El presidente de los Estados Unidos, Donald J. Trump, hace comentarios mientras participa en una mesa redonda con funcionarios encargados de hacer cumplir la ley en el Comedor del Estado de la Casa Blanca, en Washington. // Foto: EFE
El presidente Donald Trump, no quiere bajarse del caballo, le agarró gusto al poder. Algunas personas cercanas a su círculo dijeron que había lanzado su candidatura en 2016 con la finalidad de elevar su perfil, nada raro en un hombre engreído y egocéntrico. Instalado en la Casa Blanca, ni un solo día ha dejado de causar controversias. Una de sus estrategias más eficaces ha sido lanzar diatribas a su gusto y medida. Convencido como está que los medios se lanzaran sobre una carnada apetitosa, enfilaran sus baterías para desmentirle o mostrar sus imposturas. Se mantiene en agenda sacando provecho a sus dislates. Jamás ha variado de conducta. En vísperas de nuevas elecciones, Trump agitó el avispero. Desea quedarse para un segundo mandato. Sabe que la tiene difícil. A eso obedece su desesperación.
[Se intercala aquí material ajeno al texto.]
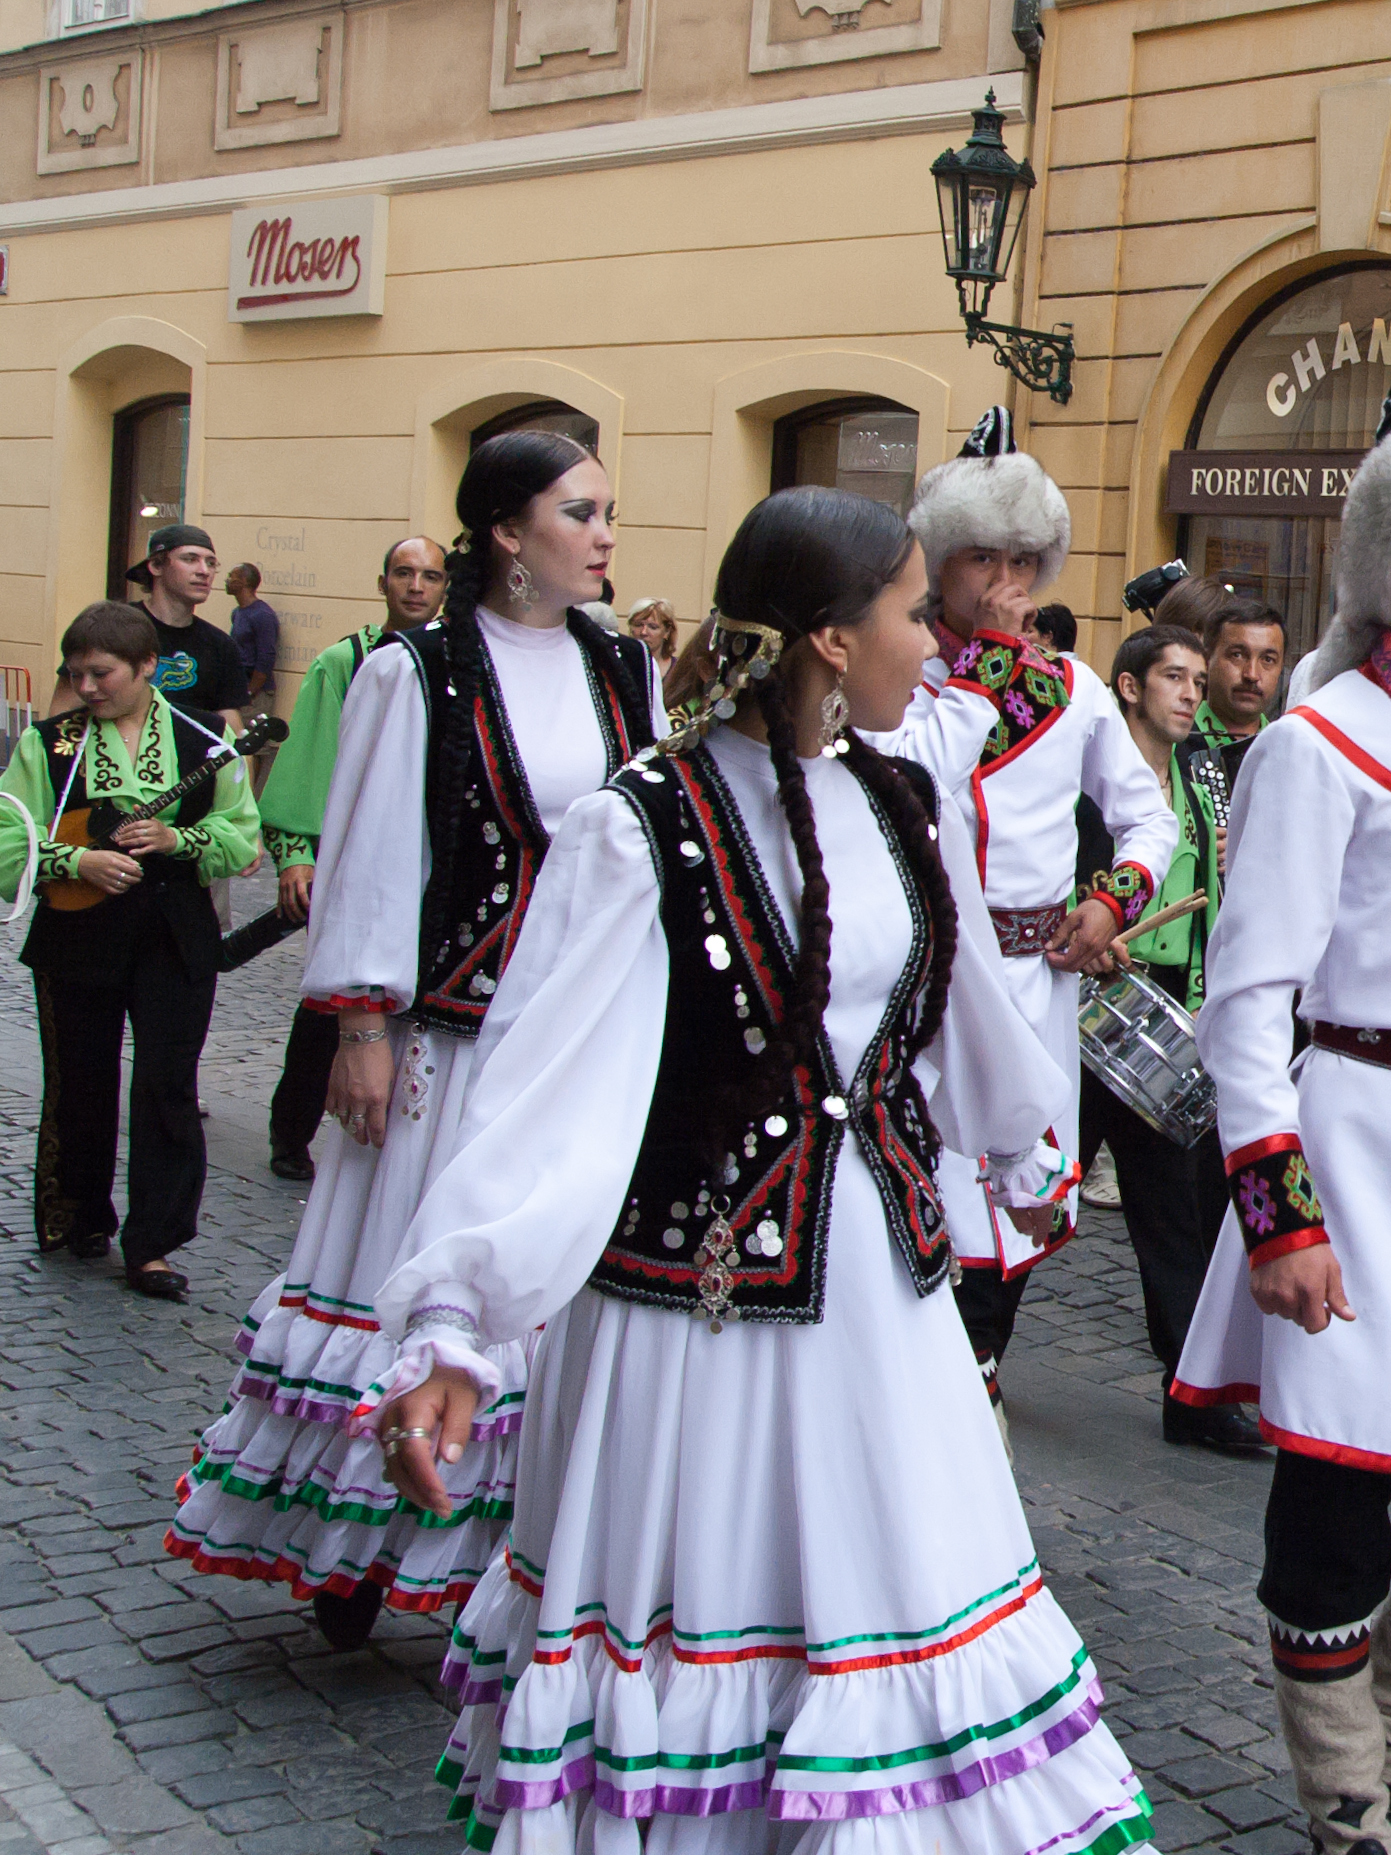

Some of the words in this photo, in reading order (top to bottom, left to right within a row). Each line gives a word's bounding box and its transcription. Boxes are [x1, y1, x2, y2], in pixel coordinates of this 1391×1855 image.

[246, 216, 361, 288] Moser
[1190, 468, 1312, 497] FOREIGN
[256, 526, 306, 556] Crystal
El deseo de Trump de no regresar a Nueva York, no es un hecho reciente, el mismo gusto adquirió Nancy Reagan. Al ser entrevistada, poco antes de abandonar la Avenida Pensilvania, lloró ante los medios. Se sentía mal. ¿Cómo no creerle? Gozar de las mieles del poder se convierte en adicción. Especialmente en estas tierras del olvido donde los presidentes quieren quedarse instalados para siempre en el sillón presidencial. El regusto por mantenerse en el poder resulta una enfermedad incurable. Poco antes de abandonar la presidencia durante su segundo mandato, Barack Obama afirmó que de acuerdo a las encuestas él podría lanzar de nuevo su candidatura. A renglón seguido aclaró que no lo hacía debido a que las leyes se lo impedían. ¿Era solo una forma de hacer sentir su popularidad? Con los políticos nunca se sabe.
El deseo de Trump por revalidar el cargo no tiene nada de malo, el sistema político estadounidense permite dos mandatos consecutivos. Una aspiración legal. Lo cuestionable es cómo pretende lograrlo. Ante las dificultades que impone la pandemia de presentarse a las urnas (existe un miedo legítimo de que provoque un rebrote), Trump deslegitimó este mecanismo de votación. Continúa haciéndolo. Está en su derecho. El disentimiento es consustancial a todo régimen democrático. Lo inconcebible es que lo haga echando lodo al funcionamiento de instituciones federales. El Correo Postal se prestaría para un fraude electoral. Duda de su probidad. Para conseguir su objetivo se ha dedicado a crispar los ánimos de sus seguidores. Por igual, sigue restando credibilidad a los encargados de contar los votos.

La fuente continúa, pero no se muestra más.